* _INFORMATION SHOWN_:
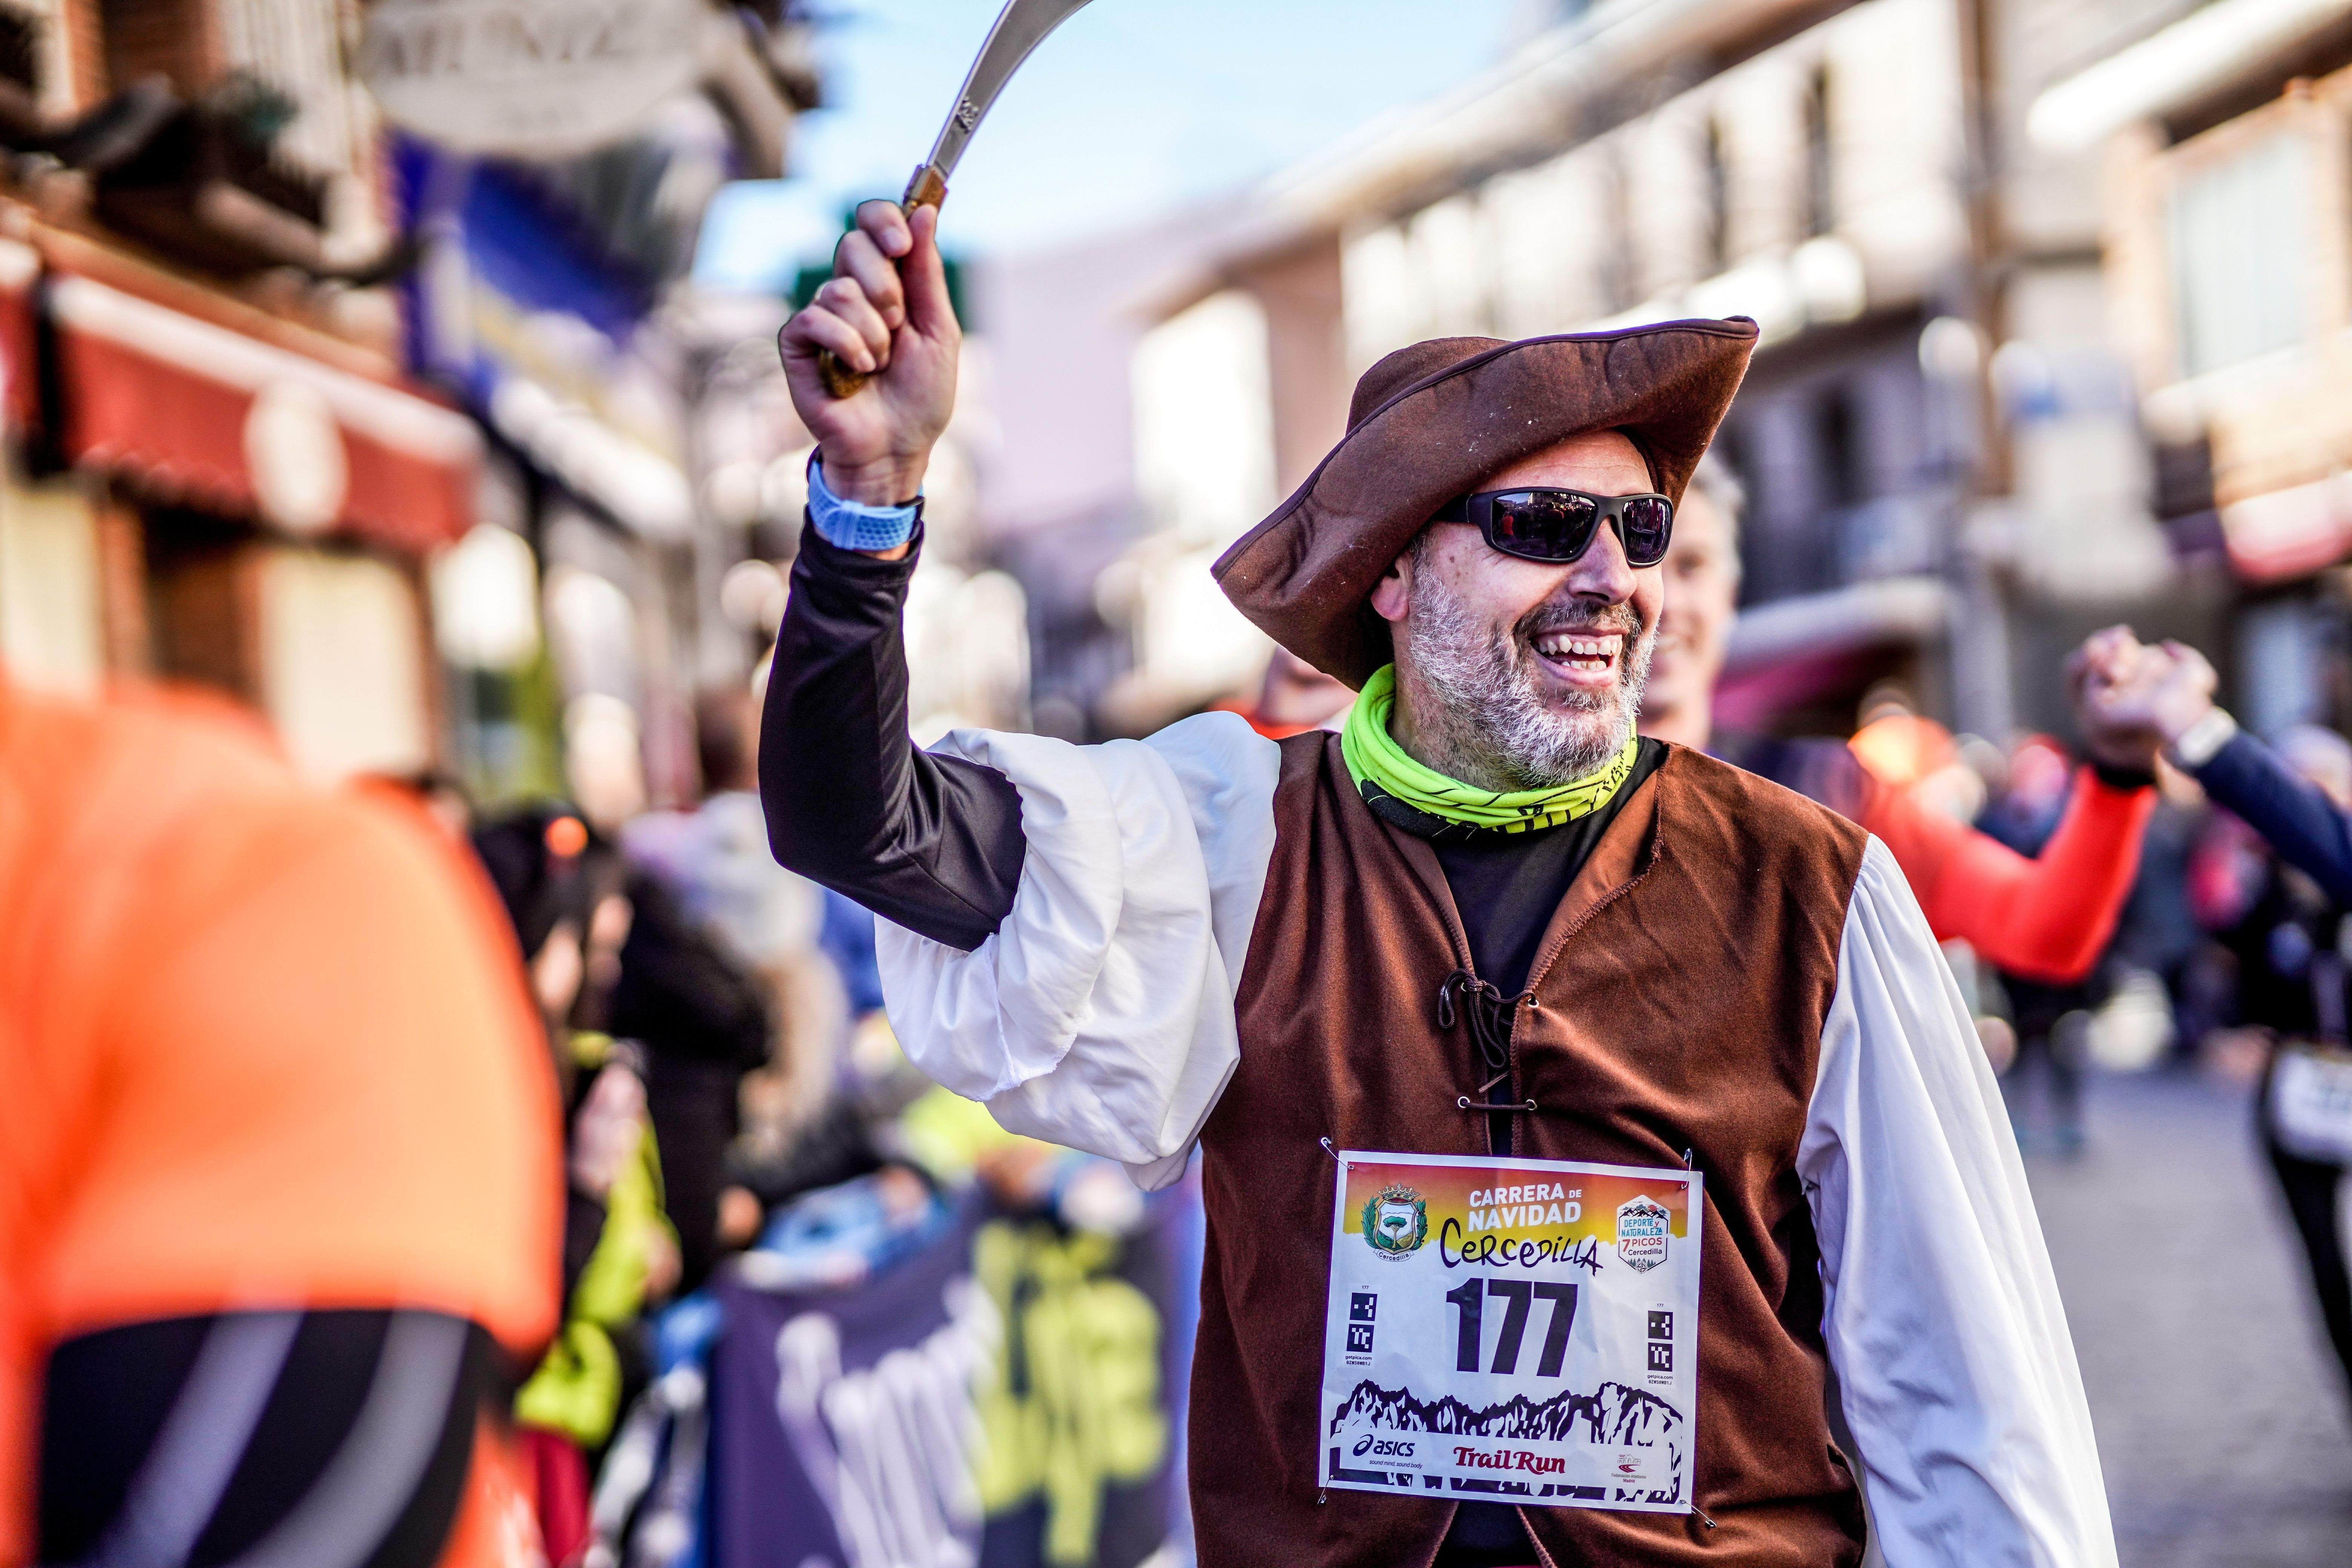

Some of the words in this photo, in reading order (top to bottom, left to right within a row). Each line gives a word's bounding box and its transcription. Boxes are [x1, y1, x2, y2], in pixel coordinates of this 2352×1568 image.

[1470, 1183, 1564, 1207] CARRERA
[1569, 1189, 1582, 1199] DE
[1468, 1202, 1581, 1232] NAVIDAD
[1624, 1219, 1654, 1227] DEPORTE
[1622, 1227, 1663, 1237] NATURALEZA
[1622, 1239, 1631, 1252] 7
[1632, 1237, 1662, 1246] PICOS
[1379, 1252, 1409, 1260] Cercedilla
[1446, 1277, 1578, 1378] 177
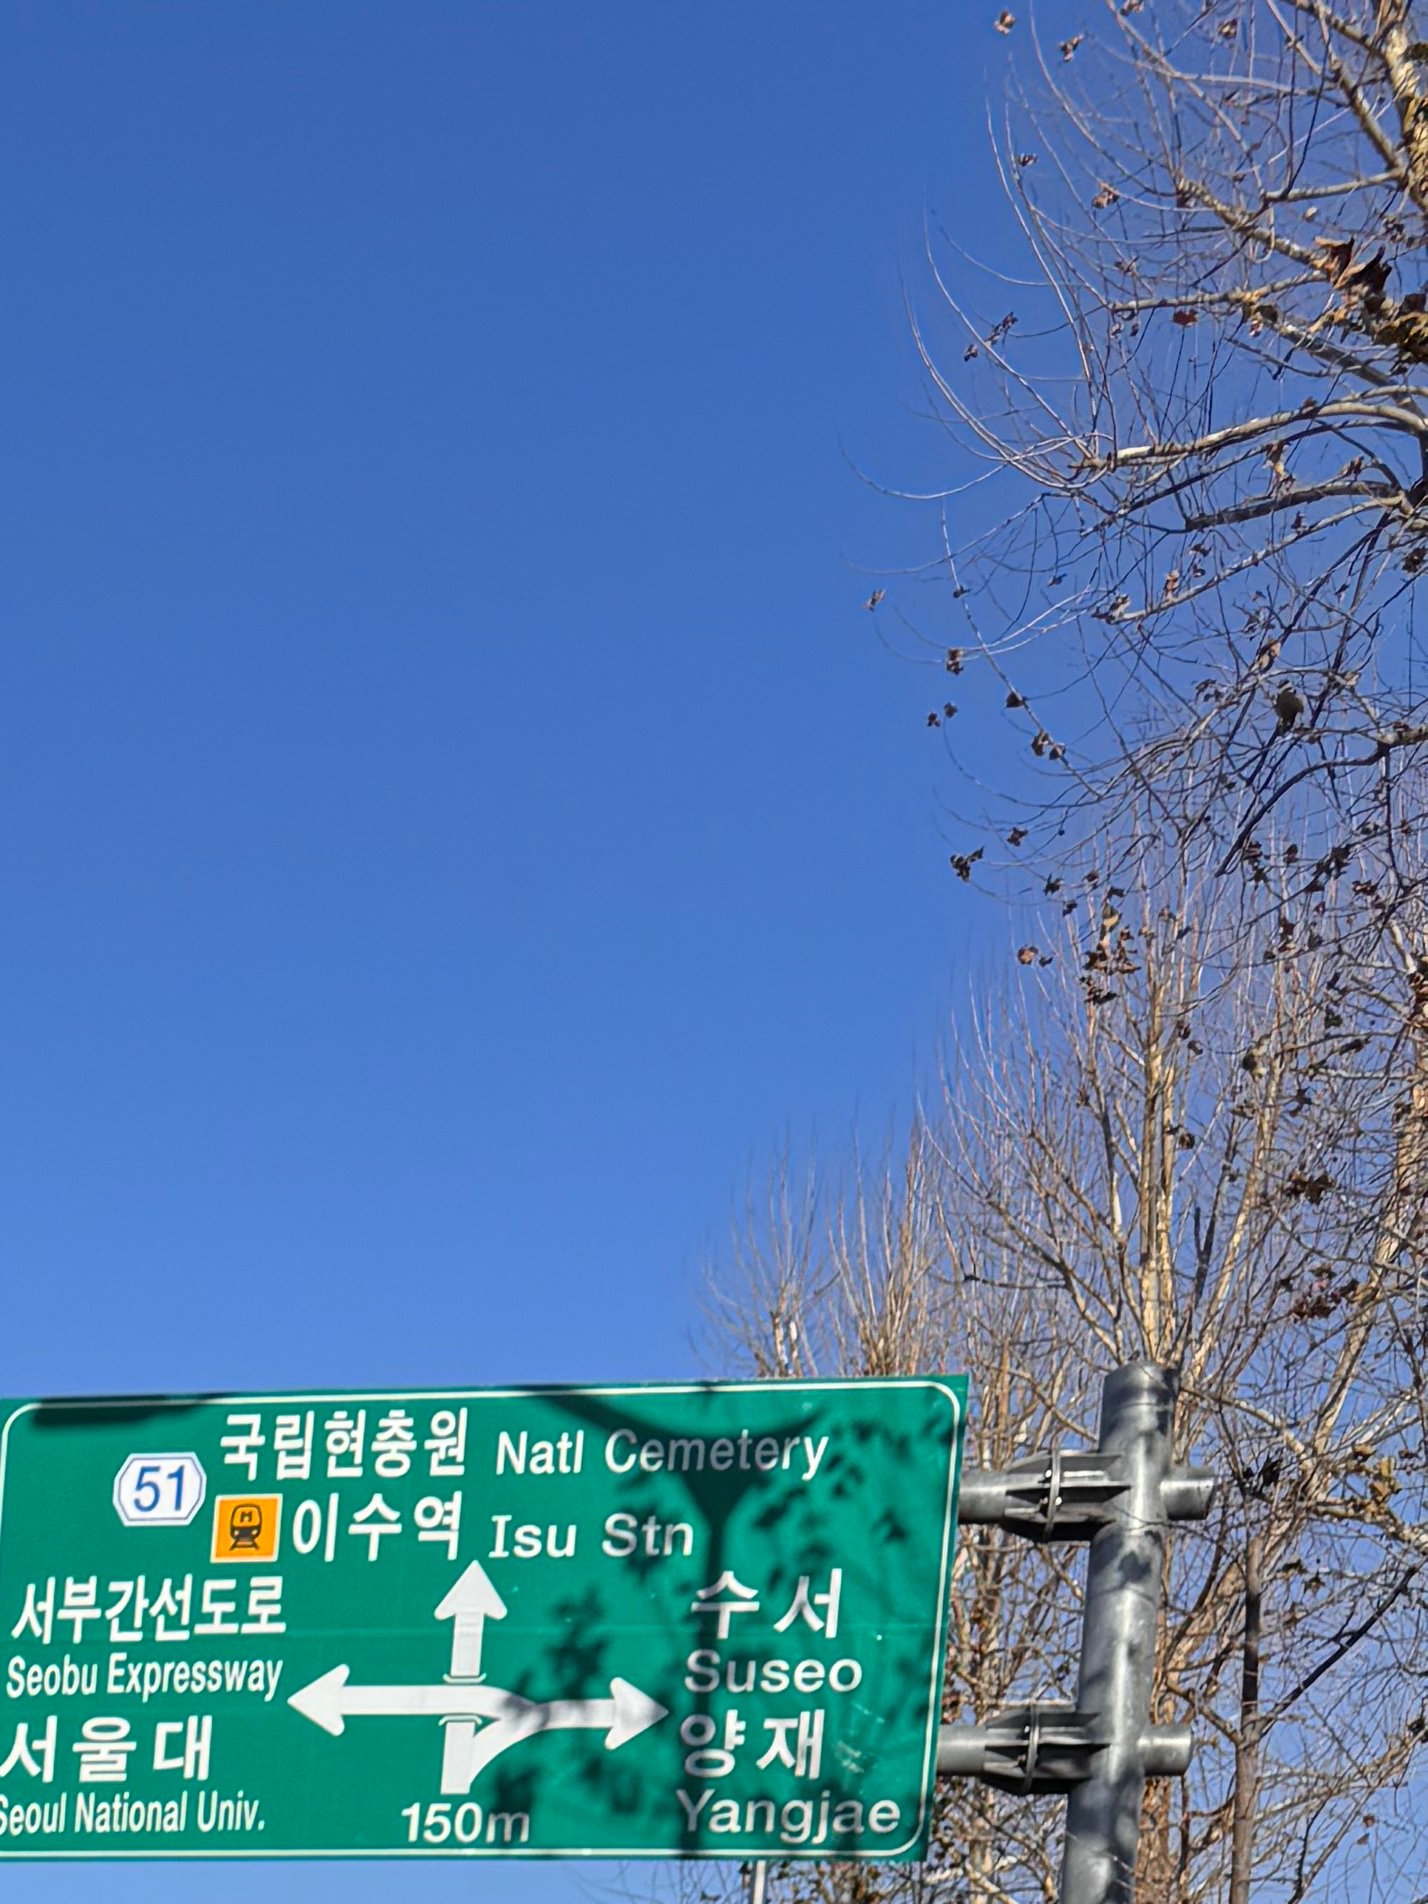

* _WHAT THIS TASK INVOLVES_:
Without the pictures, return the entries exactly as they appear.

* _SOLUTION TO THE EXERCISE_:
Some of the words in this photo, in reading order (top to bottom, left to right within a row). Each line gives a word's bounding box and its transcription. Boxes are [x1, y1, x2, y2], in pixel coordinates of this 2352×1568 image.

[1470, 1183, 1564, 1207] CARRERA
[1569, 1189, 1582, 1199] DE
[1468, 1202, 1581, 1232] NAVIDAD
[1624, 1219, 1654, 1227] DEPORTE
[1622, 1227, 1663, 1237] NATURALEZA
[1622, 1239, 1631, 1252] 7
[1632, 1237, 1662, 1246] PICOS
[1379, 1252, 1409, 1260] Cercedilla
[1446, 1277, 1578, 1378] 177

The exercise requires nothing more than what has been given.